| TASK BRIEF |
Give the listing again, word for word, and let no picture into it.

| INFORMATION PROVIDED |
━━━

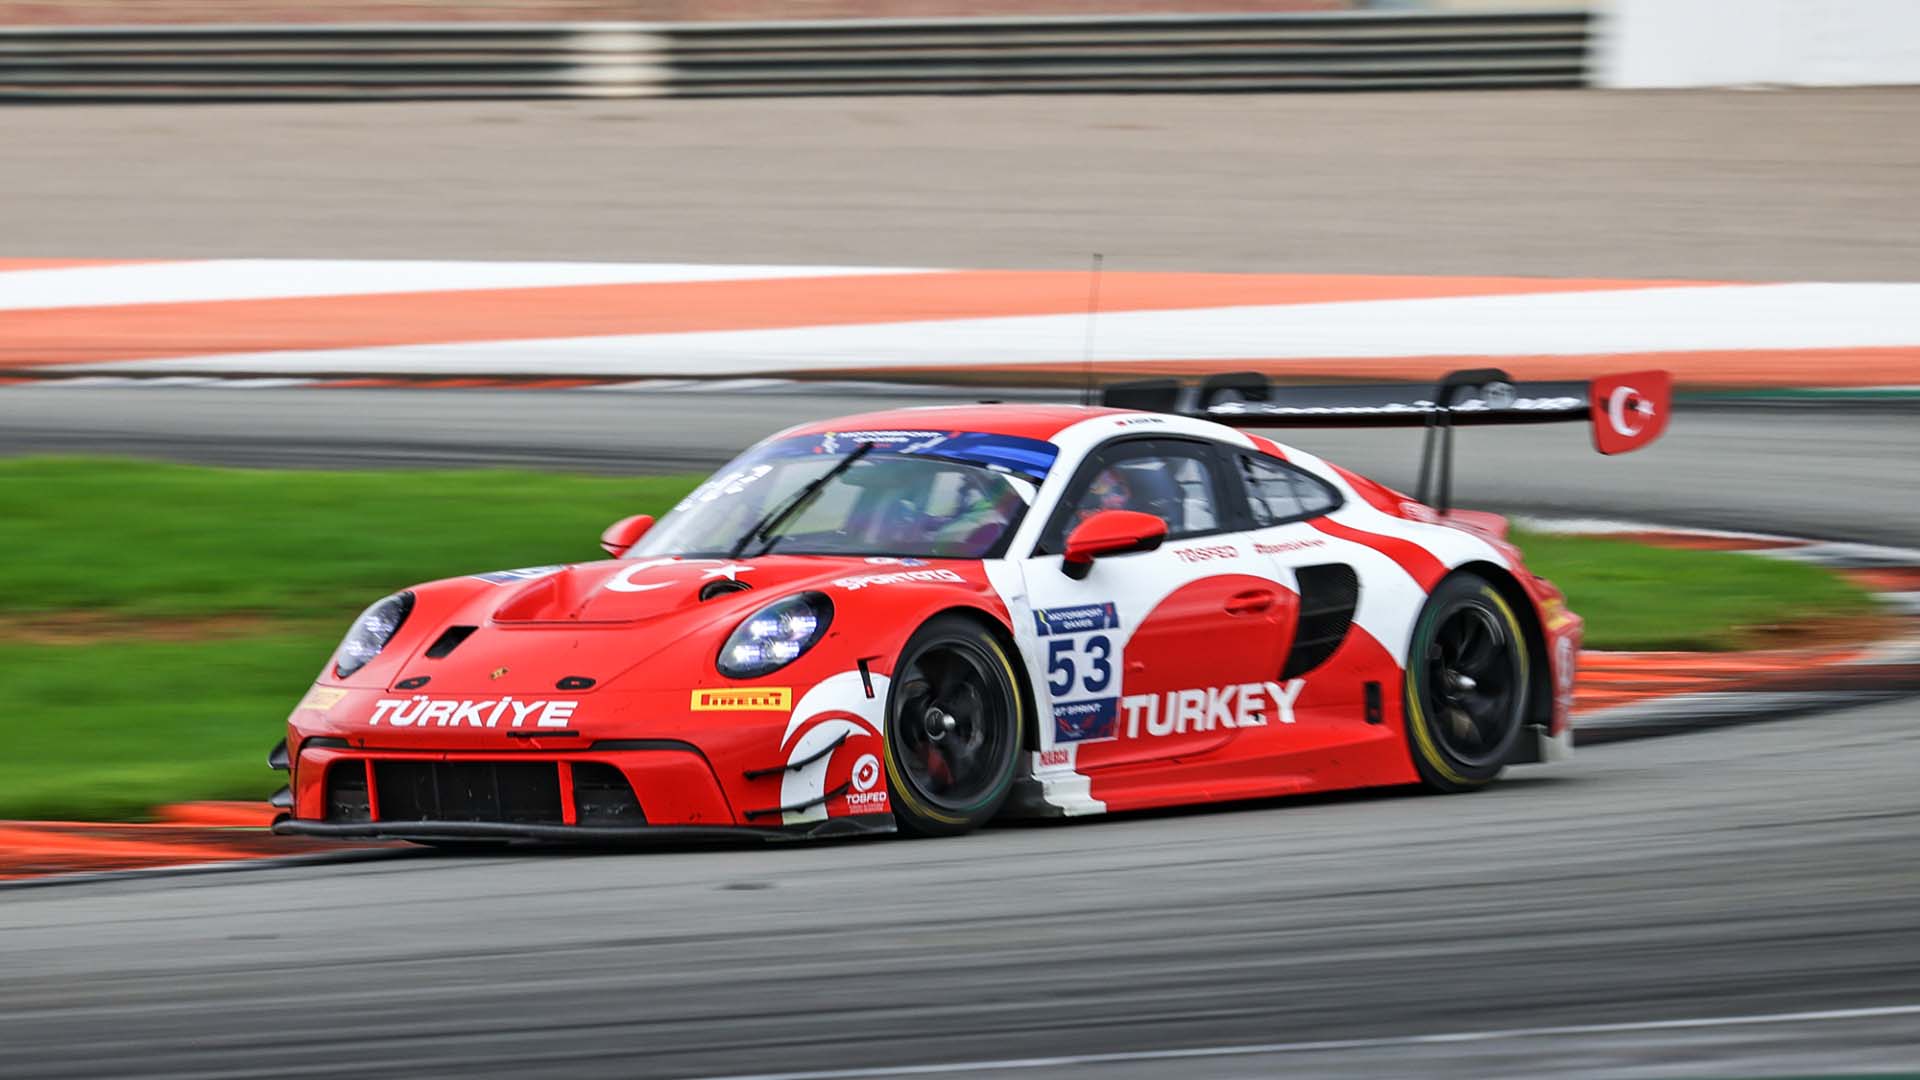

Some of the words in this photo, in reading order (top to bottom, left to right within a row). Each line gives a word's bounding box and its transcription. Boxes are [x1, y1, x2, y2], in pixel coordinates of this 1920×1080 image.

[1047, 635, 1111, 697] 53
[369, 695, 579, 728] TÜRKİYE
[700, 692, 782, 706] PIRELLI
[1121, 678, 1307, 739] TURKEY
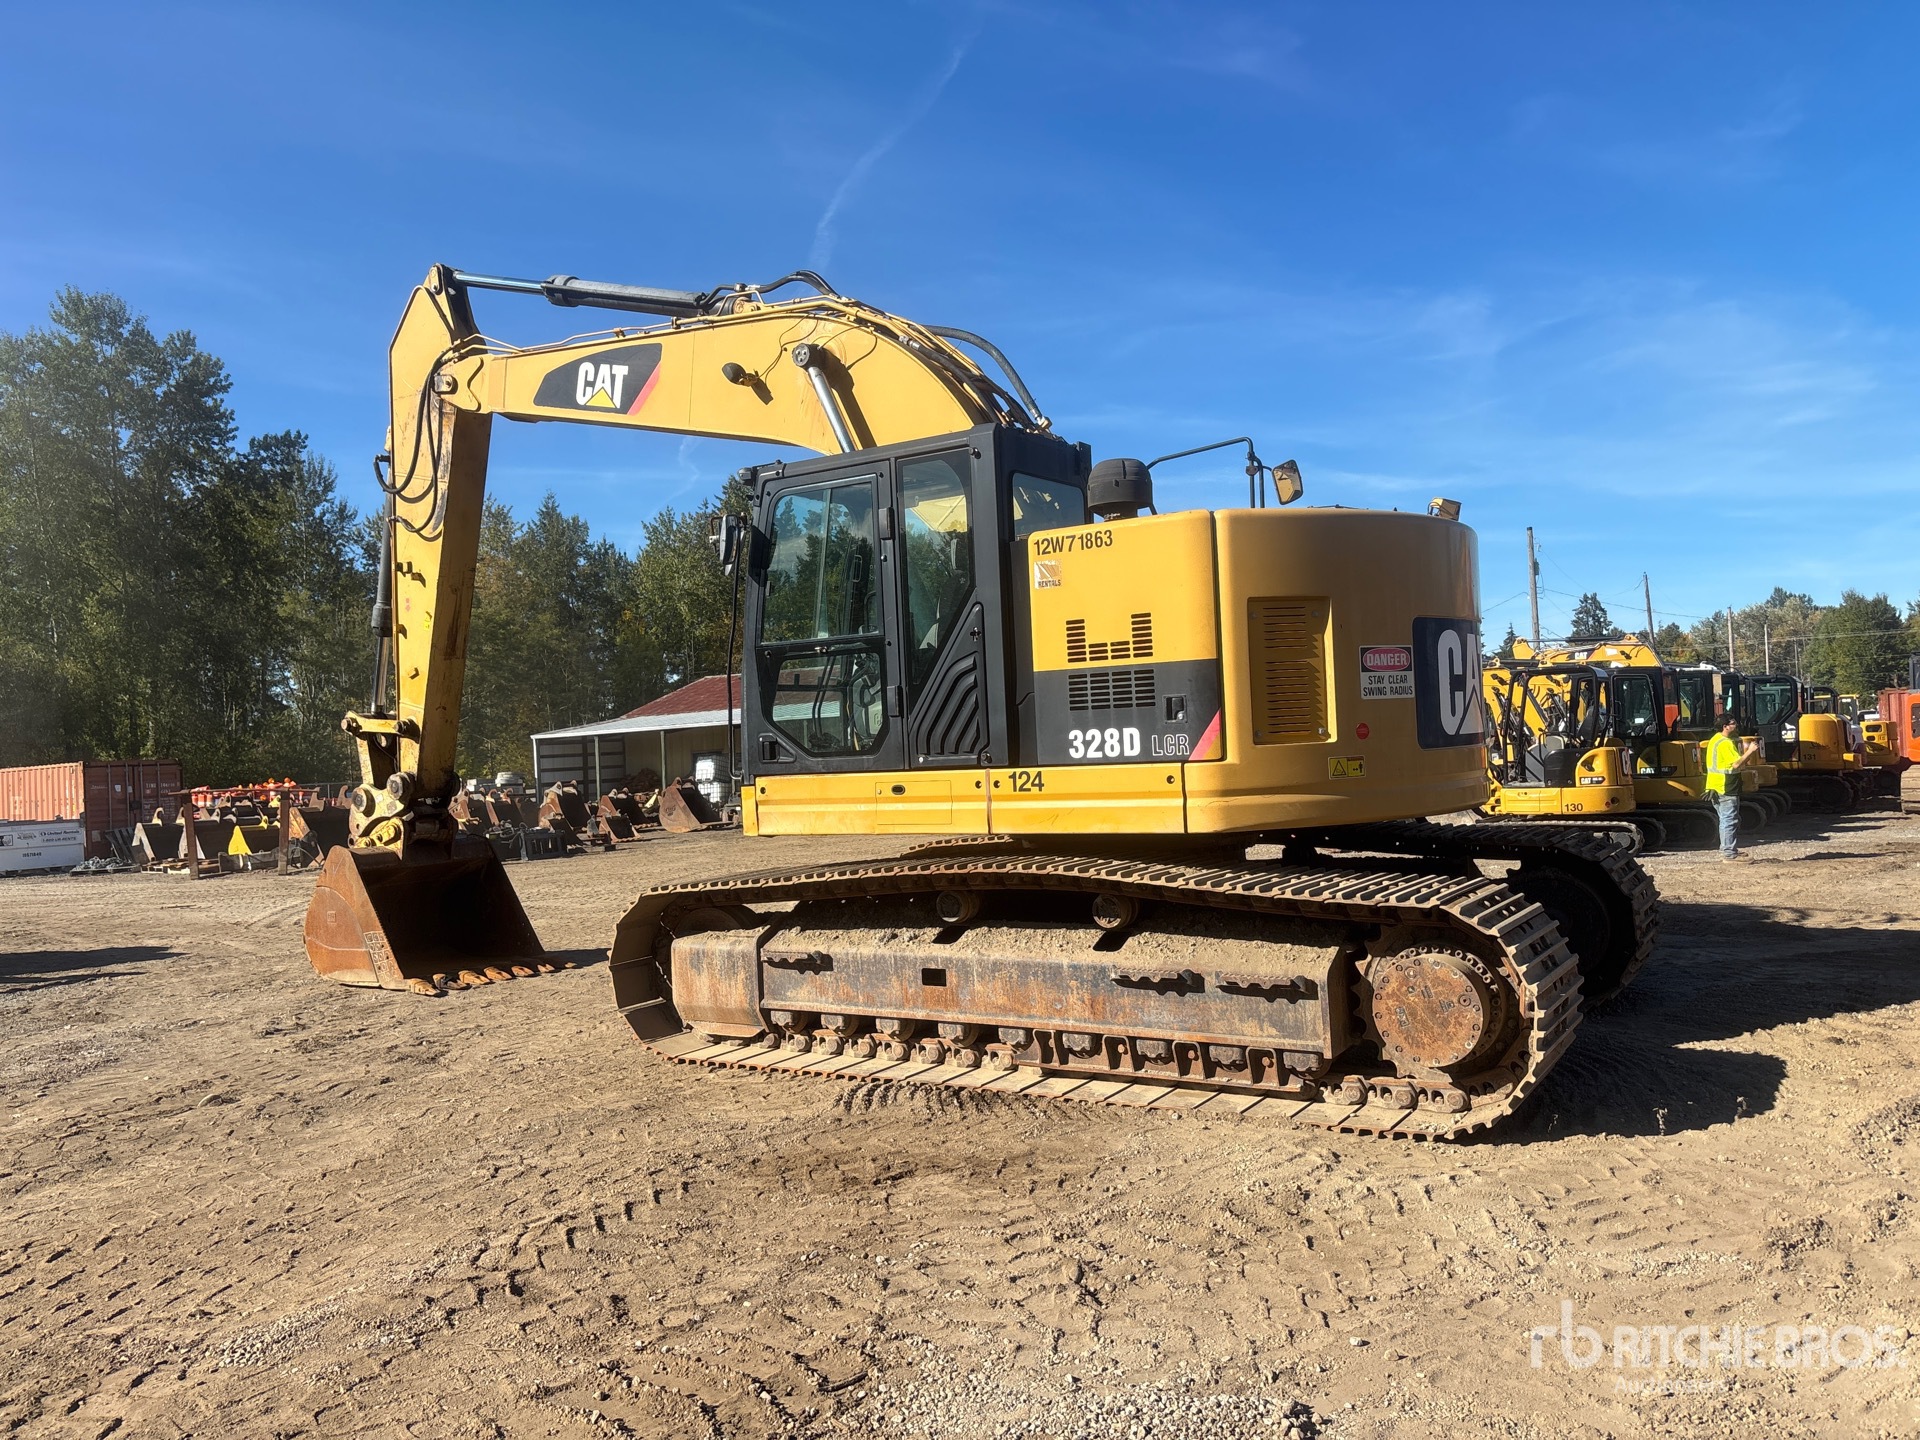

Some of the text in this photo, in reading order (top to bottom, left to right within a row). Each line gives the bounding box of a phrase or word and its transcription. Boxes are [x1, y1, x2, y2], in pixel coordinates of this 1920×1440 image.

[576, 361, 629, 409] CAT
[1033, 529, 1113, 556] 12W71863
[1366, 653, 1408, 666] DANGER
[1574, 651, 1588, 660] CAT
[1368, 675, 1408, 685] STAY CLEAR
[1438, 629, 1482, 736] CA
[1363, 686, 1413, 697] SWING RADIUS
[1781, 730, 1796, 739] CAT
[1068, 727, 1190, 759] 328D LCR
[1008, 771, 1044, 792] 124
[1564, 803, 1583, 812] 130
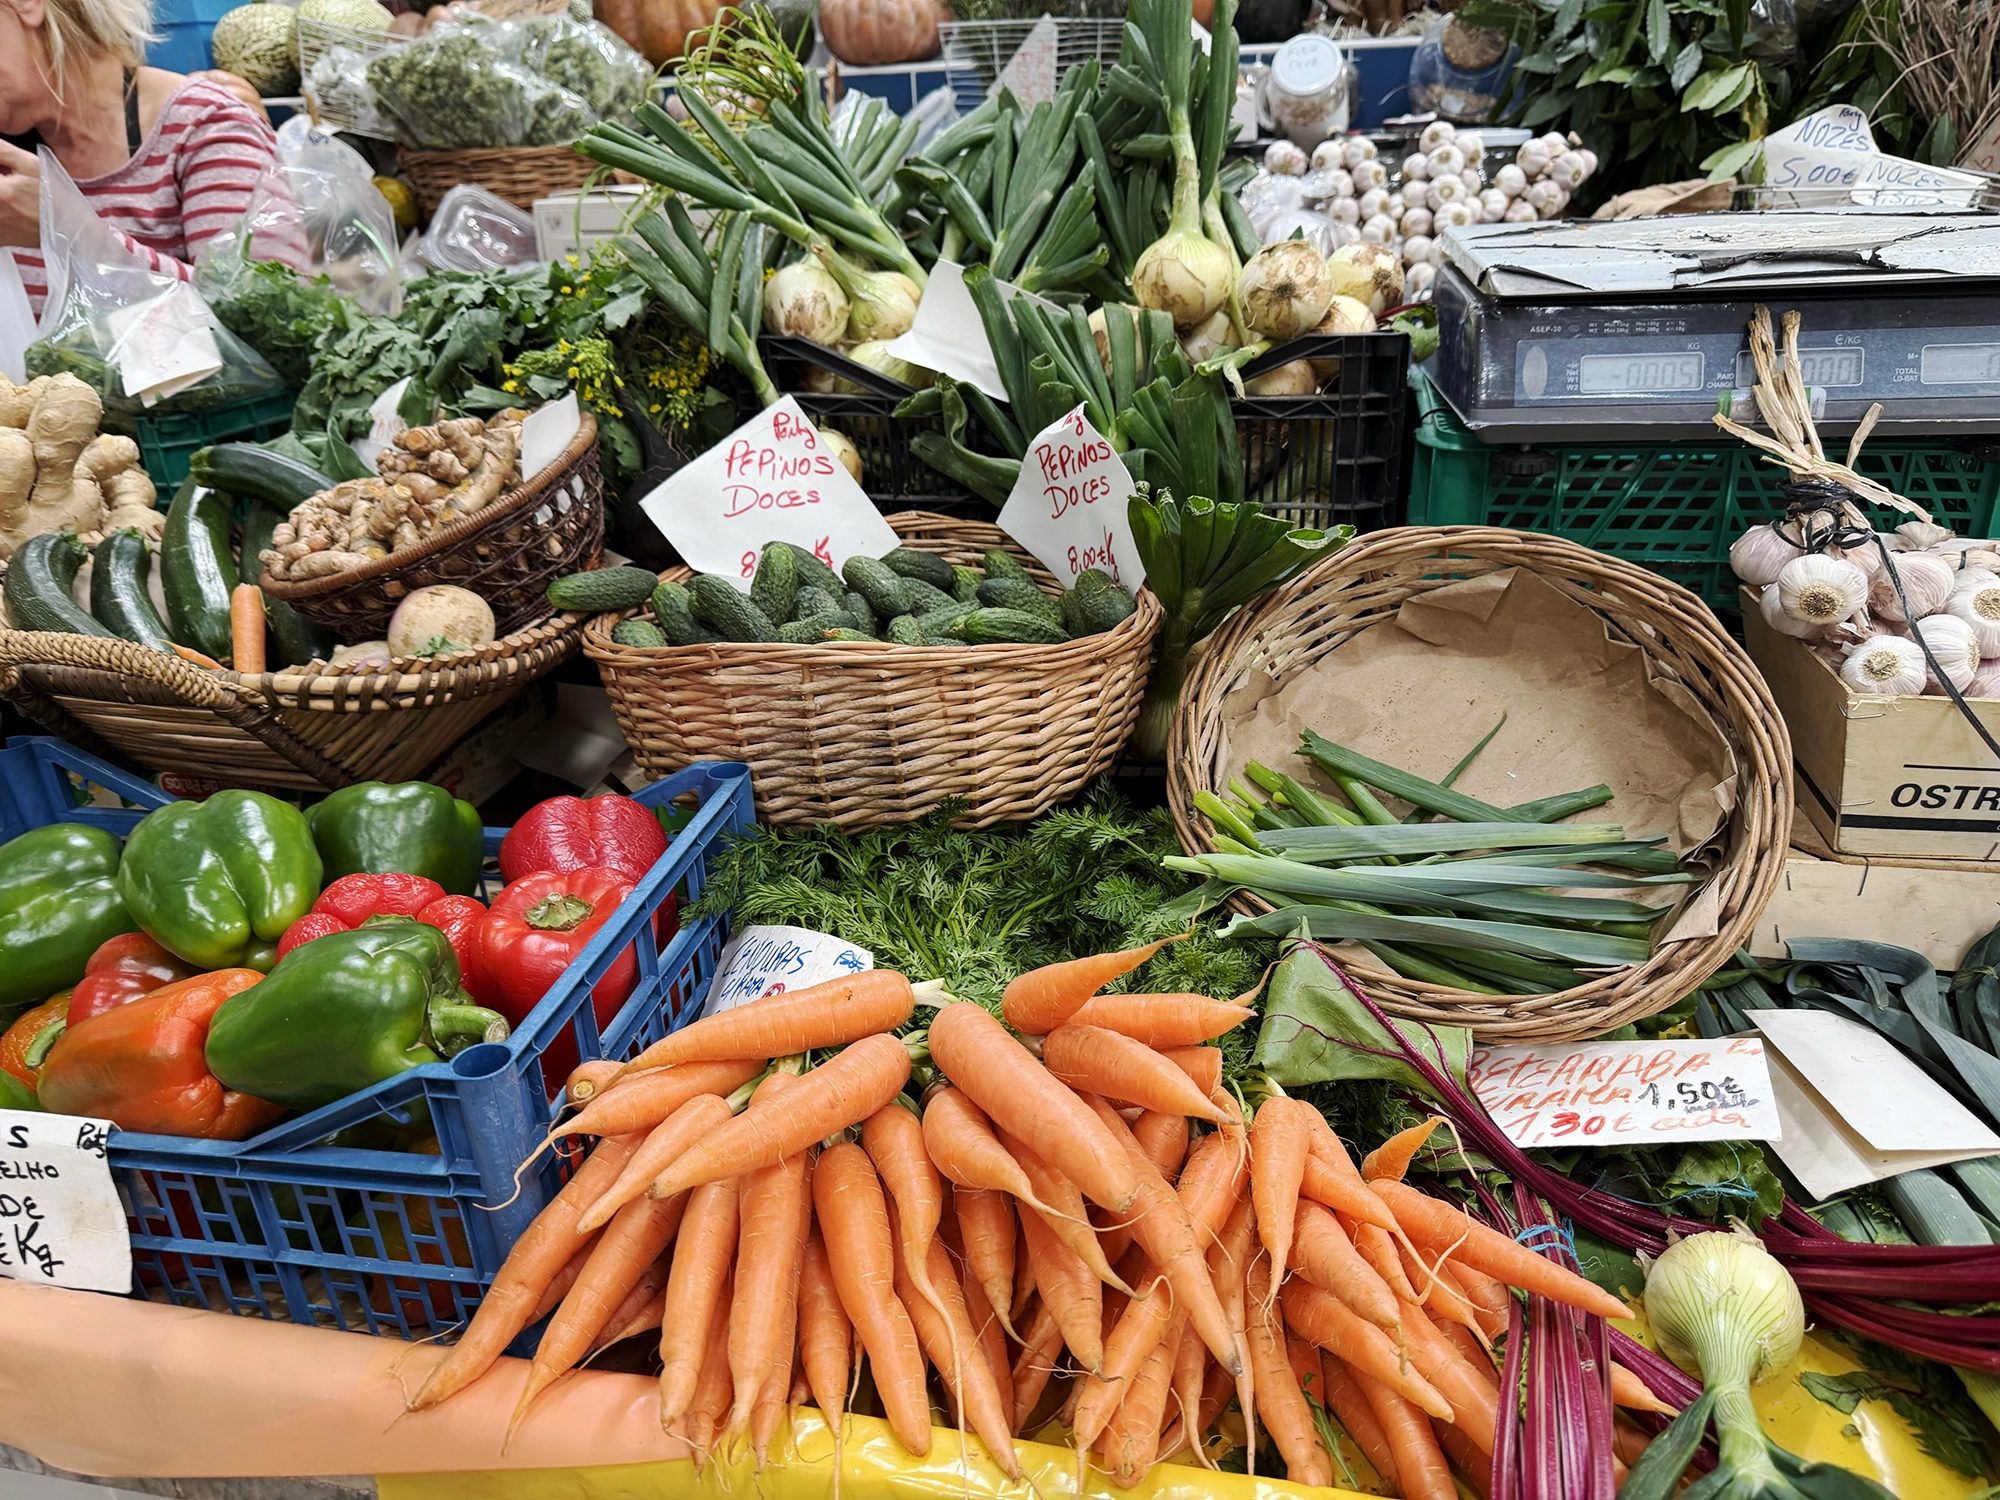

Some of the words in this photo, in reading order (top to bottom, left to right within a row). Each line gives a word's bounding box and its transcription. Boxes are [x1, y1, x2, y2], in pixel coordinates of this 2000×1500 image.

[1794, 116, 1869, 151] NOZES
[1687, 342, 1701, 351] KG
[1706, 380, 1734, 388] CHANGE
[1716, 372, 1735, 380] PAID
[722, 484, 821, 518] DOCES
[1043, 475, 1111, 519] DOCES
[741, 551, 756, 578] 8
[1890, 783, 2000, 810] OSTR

━━━

| TASK SOLUTION |
Some of the words in this photo, in reading order (top to bottom, left to right within a row). Each line gives a word's bounding box and its transcription. Boxes are [x1, y1, x2, y2], in pixel coordinates of this 1920×1080 image.

[1047, 635, 1111, 697] 53
[369, 695, 579, 728] TÜRKİYE
[700, 692, 782, 706] PIRELLI
[1121, 678, 1307, 739] TURKEY

Some of the text in this photo, in reading order (top to bottom, left to right within a row). Each line gives the bounding box of a phrase or word and its transcription. Boxes are [x1, y1, x2, y2], in pixel coordinates of this 1920×1440 image.

[576, 361, 629, 409] CAT
[1033, 529, 1113, 556] 12W71863
[1366, 653, 1408, 666] DANGER
[1574, 651, 1588, 660] CAT
[1368, 675, 1408, 685] STAY CLEAR
[1438, 629, 1482, 736] CA
[1363, 686, 1413, 697] SWING RADIUS
[1781, 730, 1796, 739] CAT
[1068, 727, 1190, 759] 328D LCR
[1008, 771, 1044, 792] 124
[1564, 803, 1583, 812] 130

Some of the words in this photo, in reading order (top to bottom, left to right within a row). Each line gives a word's bounding box and its transcription. Boxes are [x1, y1, x2, y2], in pixel coordinates of this 2000×1500 image.

[1794, 116, 1869, 151] NOZES
[1687, 342, 1701, 351] KG
[1706, 380, 1734, 388] CHANGE
[1716, 372, 1735, 380] PAID
[722, 484, 821, 518] DOCES
[1043, 475, 1111, 519] DOCES
[741, 551, 756, 578] 8
[1890, 783, 2000, 810] OSTR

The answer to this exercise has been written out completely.